#### What to work on
Please return each entry that follows exactly as written, and keep the pictures out.

____ Available data

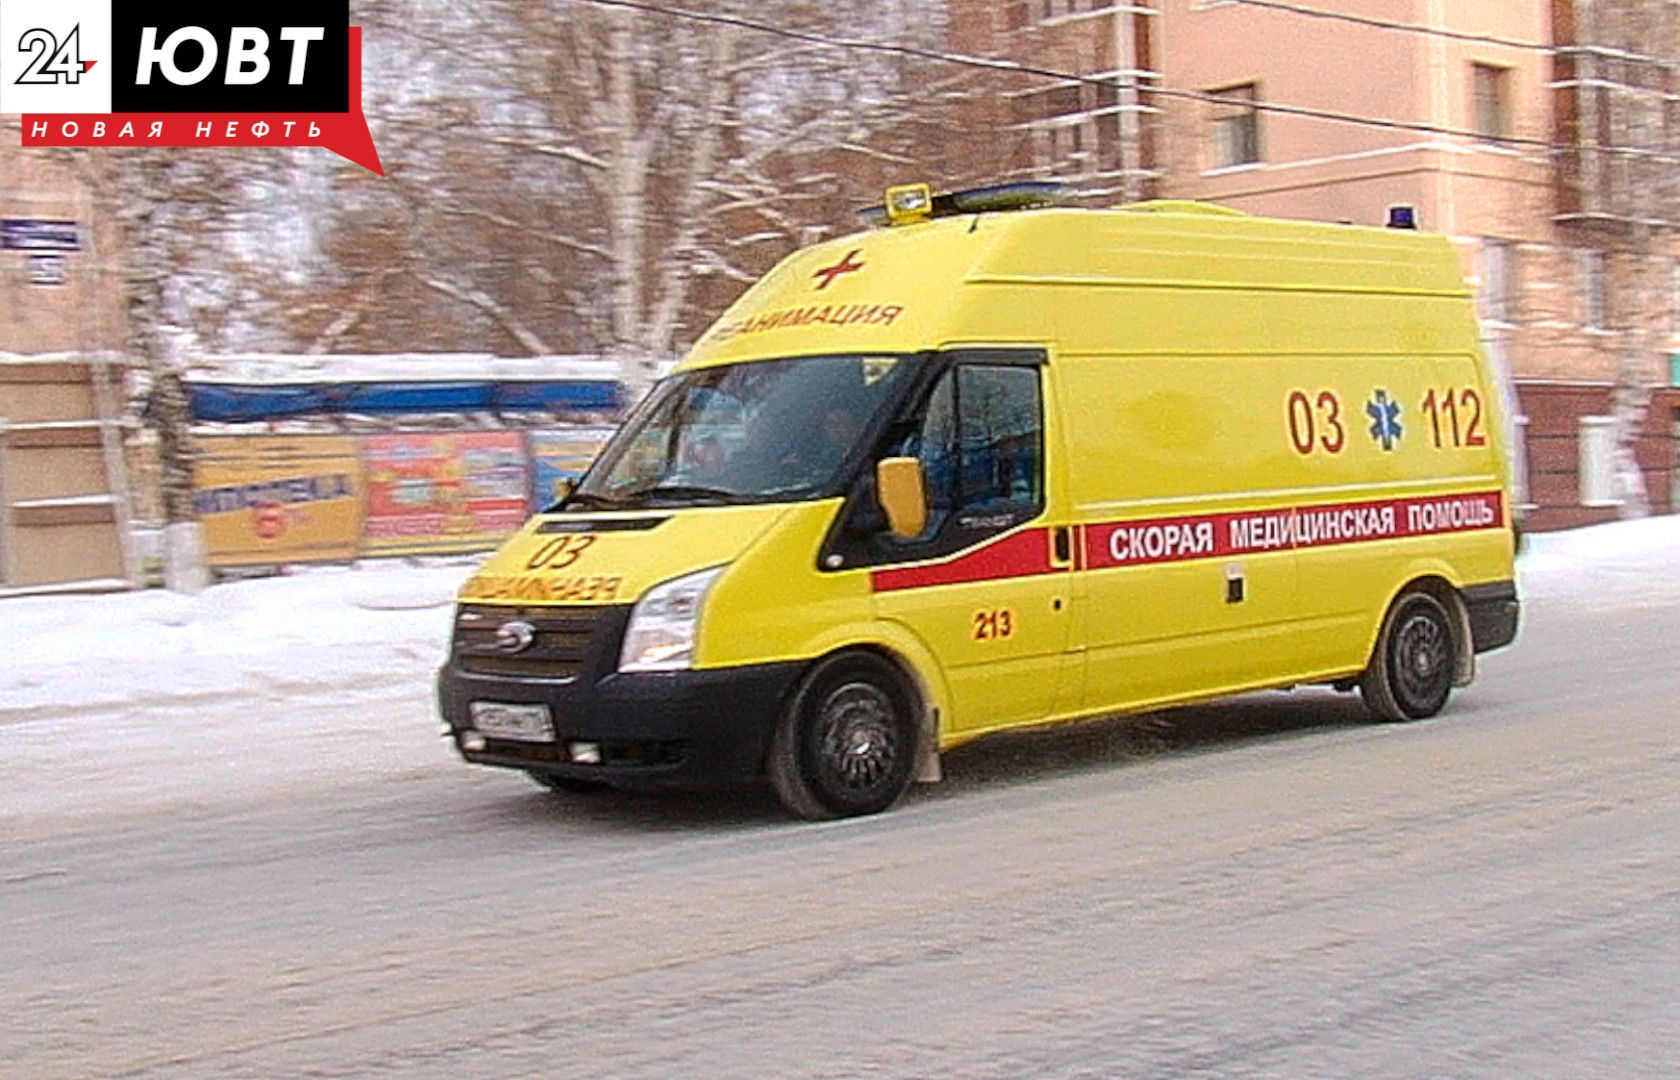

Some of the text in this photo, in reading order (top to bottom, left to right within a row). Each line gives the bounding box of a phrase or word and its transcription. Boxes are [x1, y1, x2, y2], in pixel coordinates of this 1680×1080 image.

[1288, 388, 1486, 453] 03 112
[527, 535, 597, 570] 03
[1110, 497, 1494, 561] СКОРАЯ МЕДИЦИНСКАЯ ПОМОЩЬ
[973, 610, 1012, 639] 213
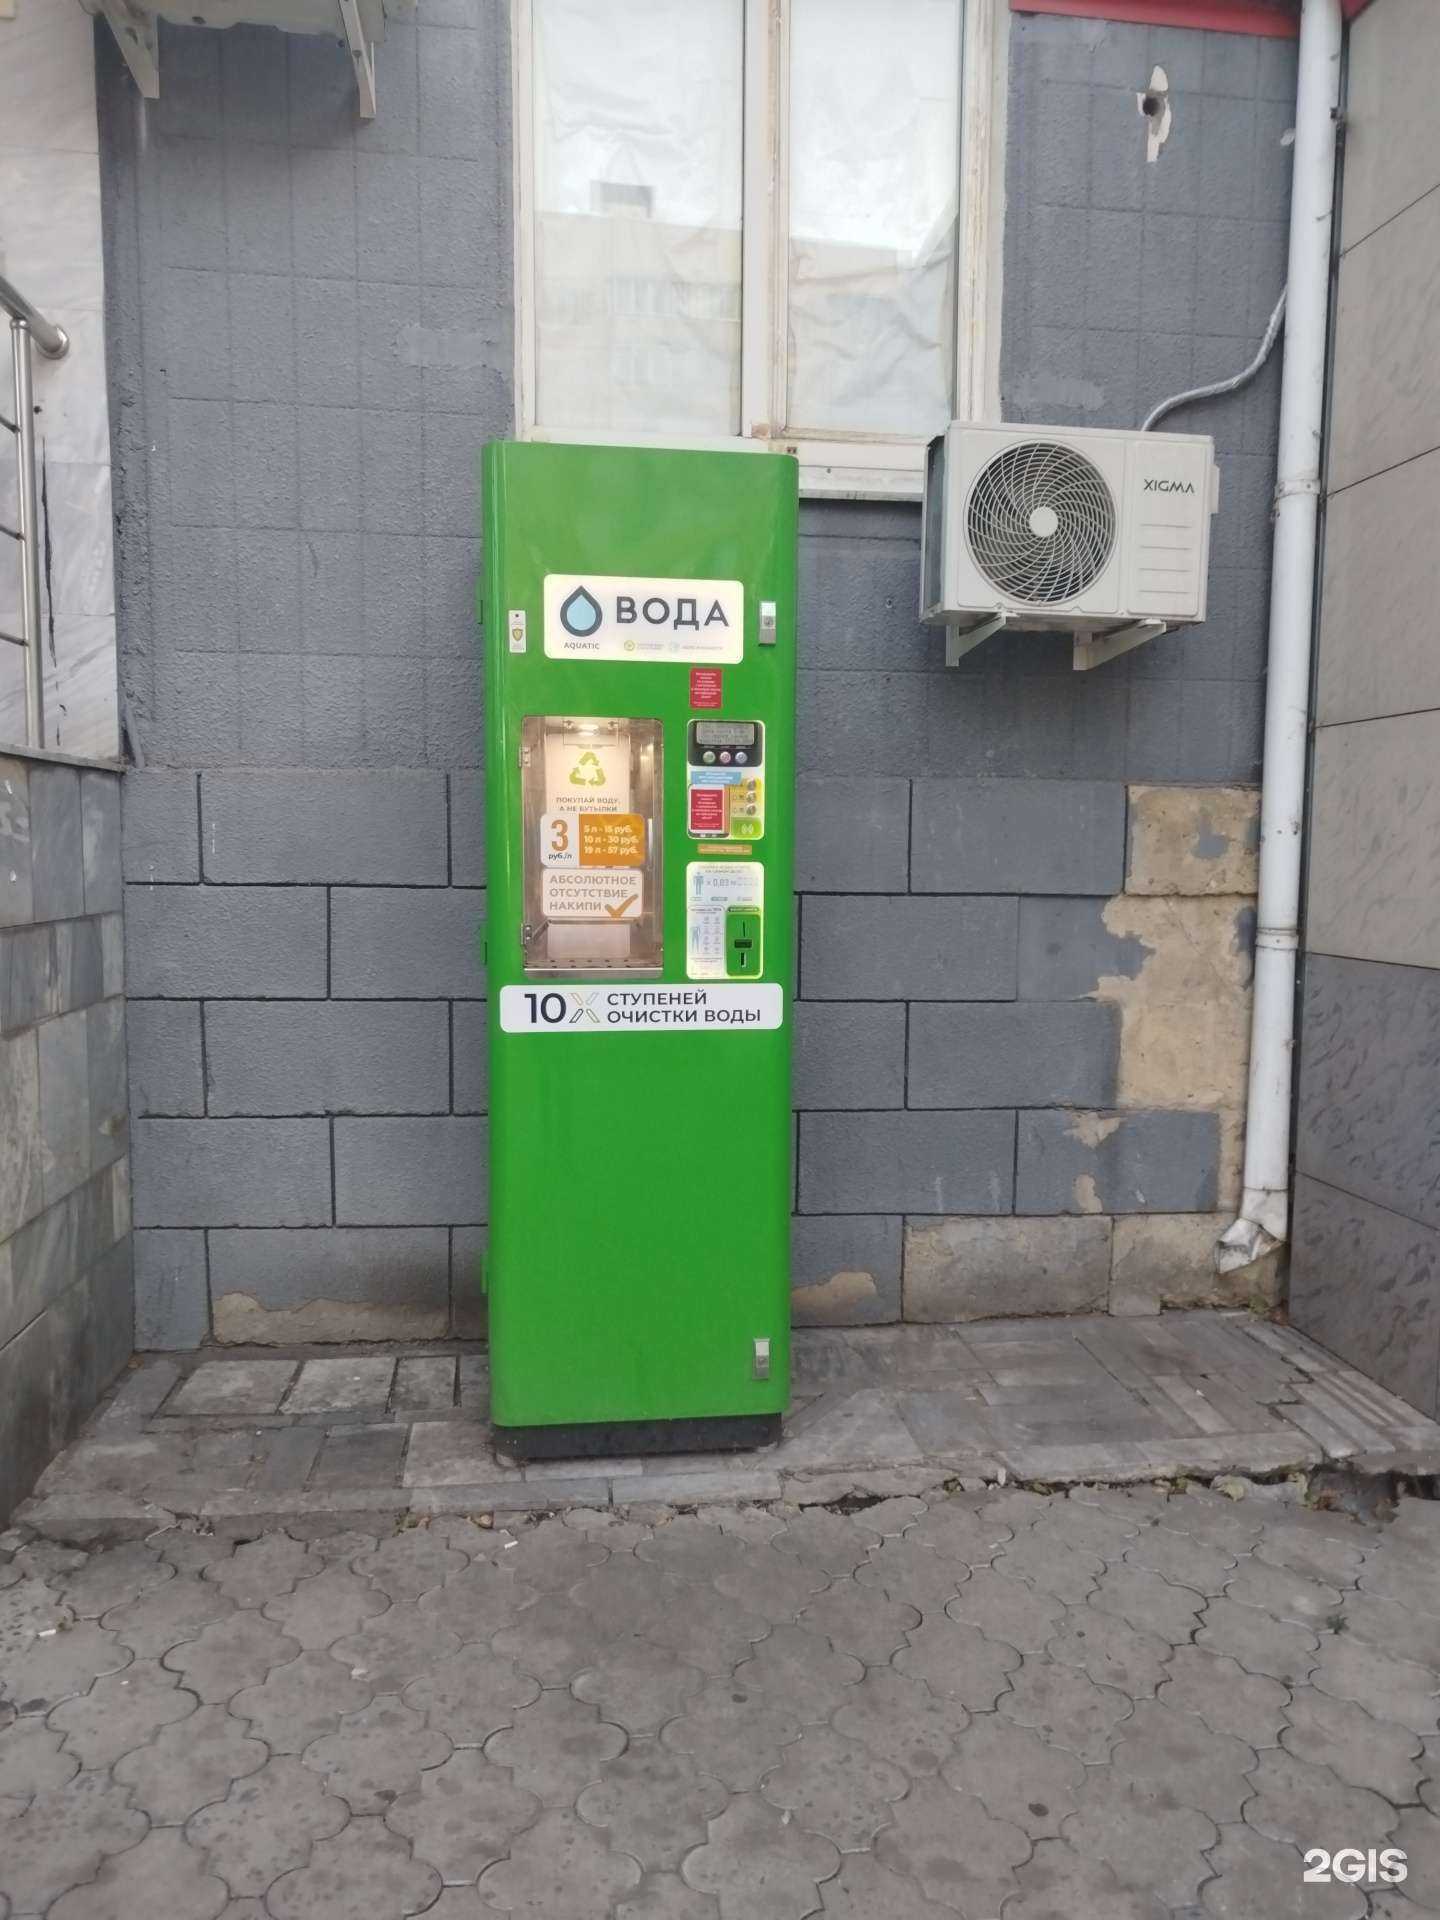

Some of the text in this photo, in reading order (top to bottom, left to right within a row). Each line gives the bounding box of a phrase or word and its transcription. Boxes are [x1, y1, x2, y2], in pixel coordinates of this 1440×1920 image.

[1144, 479, 1195, 493] XIGMA
[616, 596, 729, 631] ВОДА
[563, 642, 600, 651] AQUATIC
[556, 796, 594, 804] ПОКУПАЙ
[615, 825, 632, 834] руб.
[551, 819, 569, 851] 3
[584, 835, 594, 843] 10
[607, 835, 619, 843] 30
[620, 835, 639, 845] руб.
[584, 846, 594, 854] 19
[620, 847, 638, 855] руб.
[549, 875, 637, 885] АБСОЛЮТНОЕ
[549, 888, 628, 898] ОТСУТСТВИЕ
[549, 901, 602, 911] НАКИПИ
[607, 989, 707, 1006] СТУПЕНЕЙ
[607, 1009, 760, 1024] ОЧИСТКИ ВОДЫ
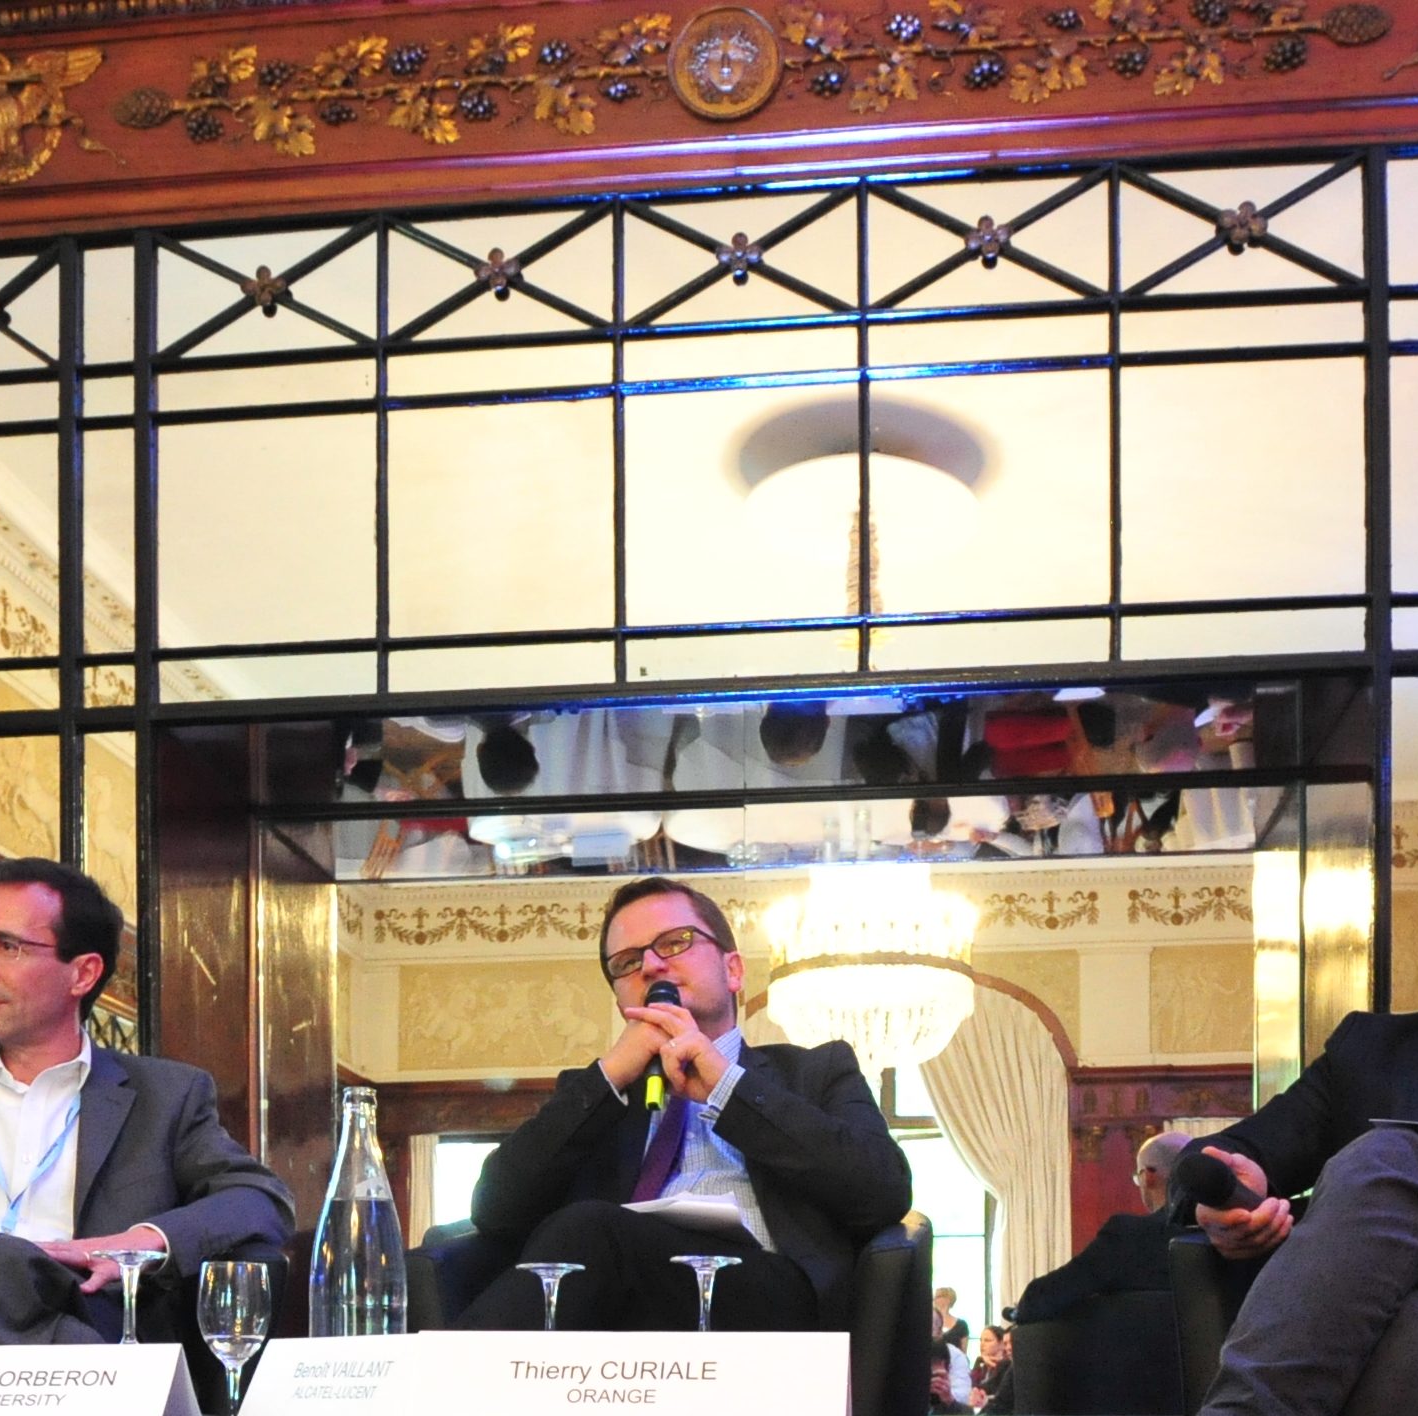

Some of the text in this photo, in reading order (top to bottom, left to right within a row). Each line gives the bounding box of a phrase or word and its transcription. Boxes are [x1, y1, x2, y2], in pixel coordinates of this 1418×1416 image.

________

#### Solution below
Some of the text in this photo, in reading order (top to bottom, left to right within a row). Each line gives the bounding box of a phrase or word and its transcription. Boxes are [x1, y1, x2, y2], in pixel coordinates of this 1680×1080 image.

[1288, 388, 1486, 453] 03 112
[527, 535, 597, 570] 03
[1110, 497, 1494, 561] СКОРАЯ МЕДИЦИНСКАЯ ПОМОЩЬ
[973, 610, 1012, 639] 213

Some of the text in this photo, in reading order (top to bottom, left to right within a row). Each line gives the bounding box of a phrase or word and its transcription. Boxes are [x1, y1, x2, y2], in pixel coordinates of this 1440×1920 image.

[1144, 479, 1195, 493] XIGMA
[616, 596, 729, 631] ВОДА
[563, 642, 600, 651] AQUATIC
[556, 796, 594, 804] ПОКУПАЙ
[615, 825, 632, 834] руб.
[551, 819, 569, 851] 3
[584, 835, 594, 843] 10
[607, 835, 619, 843] 30
[620, 835, 639, 845] руб.
[584, 846, 594, 854] 19
[620, 847, 638, 855] руб.
[549, 875, 637, 885] АБСОЛЮТНОЕ
[549, 888, 628, 898] ОТСУТСТВИЕ
[549, 901, 602, 911] НАКИПИ
[607, 989, 707, 1006] СТУПЕНЕЙ
[607, 1009, 760, 1024] ОЧИСТКИ ВОДЫ

Some of the text in this photo, in reading order (top to bottom, left to right within a row). Each line gives the bounding box of a phrase or word and its transcription. Boxes are [x1, y1, x2, y2], in pixel coordinates of this 1418×1416 image.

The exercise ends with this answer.